We Are Augustines – Rise, Ye Sunken Ships album review

“Sunken Ships” Plain Sailing

“Consider it pure joy, my brothers, whenever you face trials of many kinds, because you know that the testing of your faith develops perseverance” – James 1:2-4

I’ve said for a long time that my brother is arguably the most important person in the world to me. We went through a lot of shit together, not least my parents’ divorce during our early adolescent years, and for nearly all of the time we were growing up (until I went to university) we shared a room, needless to say we’re very close. I wouldn’t know what to do if something were to happen to him, which is why, when I discovered the history to We Are Augustine’s “Rise Ye Sunken Ships” it made it that much more powerful an album.

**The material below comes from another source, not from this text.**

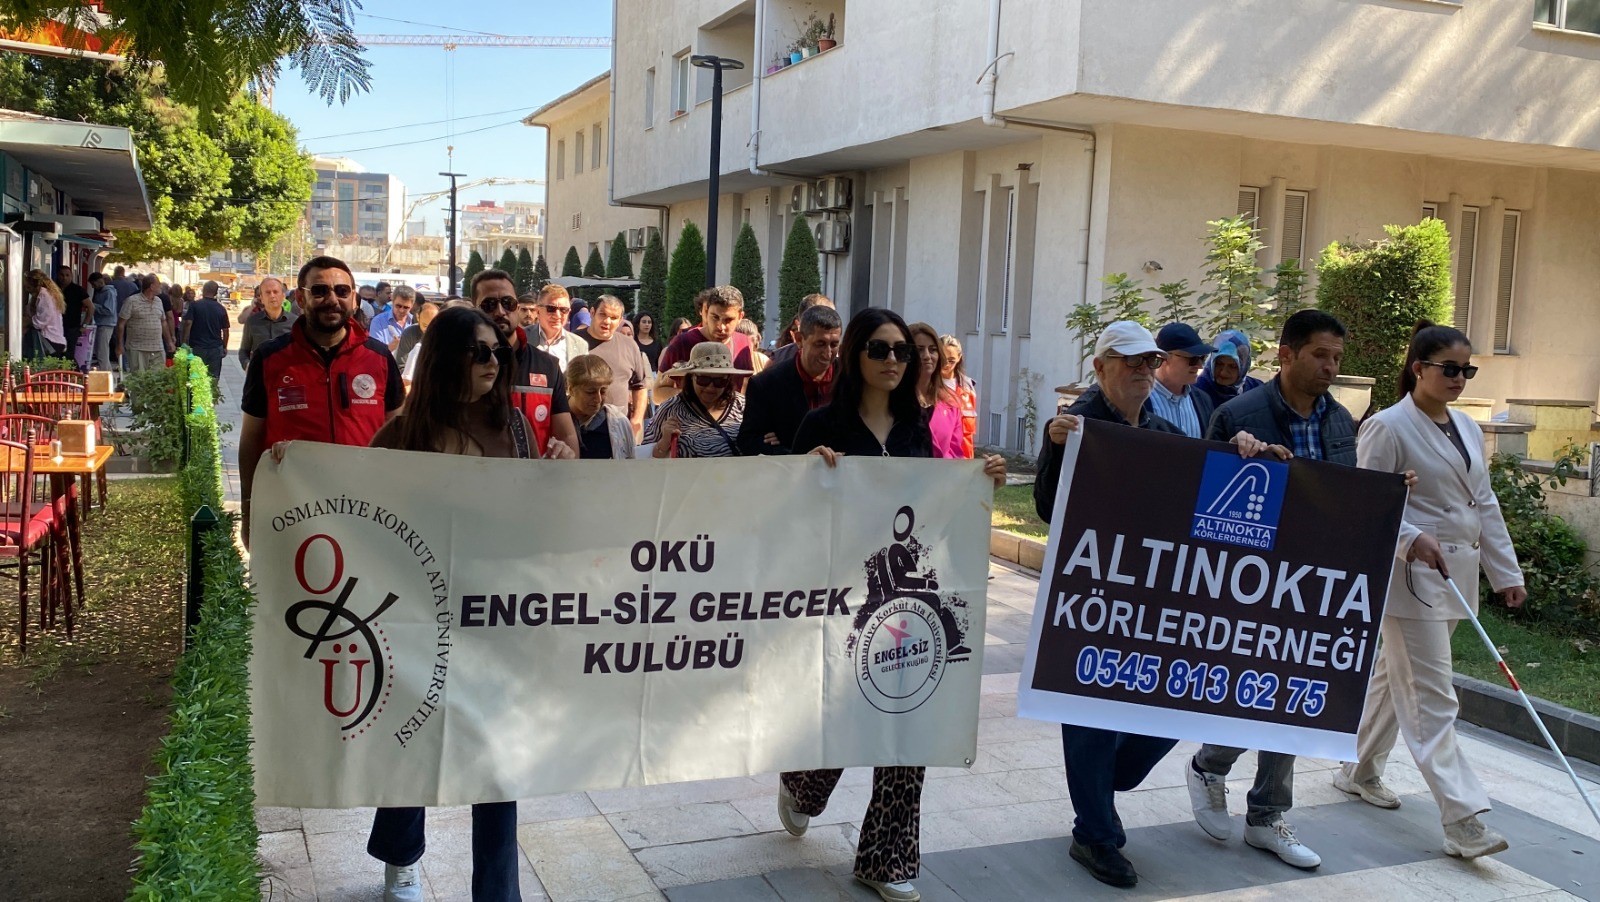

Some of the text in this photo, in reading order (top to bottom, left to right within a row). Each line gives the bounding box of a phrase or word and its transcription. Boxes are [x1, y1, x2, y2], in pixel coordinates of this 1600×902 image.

It’s tough to say that this is a debut album; between the two of them, Billy McCarthy and Eric Sanderson had amassed almost 40 songs to arrange for their previous partnership, Pela. Production of “Rise” was plagued with roadblocks, not least the eventual suicide of McCarthy’s institutionalized brother James, but also the eventual breakup of Pela, and frustration at not getting the right sounds in the studio.

Aside from the back story, the album is stunning. Good driving drum beats from Rob Allen keep the pace. The content, while rife with religious iconography, isn’t Christian, more about redemption and emotion associated with the stories contained within. Personal favourites include “Philadelphia (The City of Brotherly Love)” with it’s working-class, almost Springsteen feel; “Patton State Hospital”, a heady rock turning point about his brother’s committal (We’re gonna get you cleaned up, James), and “Barrel of Leaves”, a jarringly emotional ballad that balances the choral overtones of the previous songs.

“Rise Ye Ye Sunken Ships” is the fruition of many years, countless obstacles, and heartache. The pain is evident throughout; Billy McCarthy’s gravelly voice is full of anguish and perfectly reflects the content of the album. Both McCarthy and Sanderson used the theme of perseverance – the former, personally, the latter, professionally. And it shows. If you like you music to have content, to pack a punch, you can’t go wrong with Sunken Ships.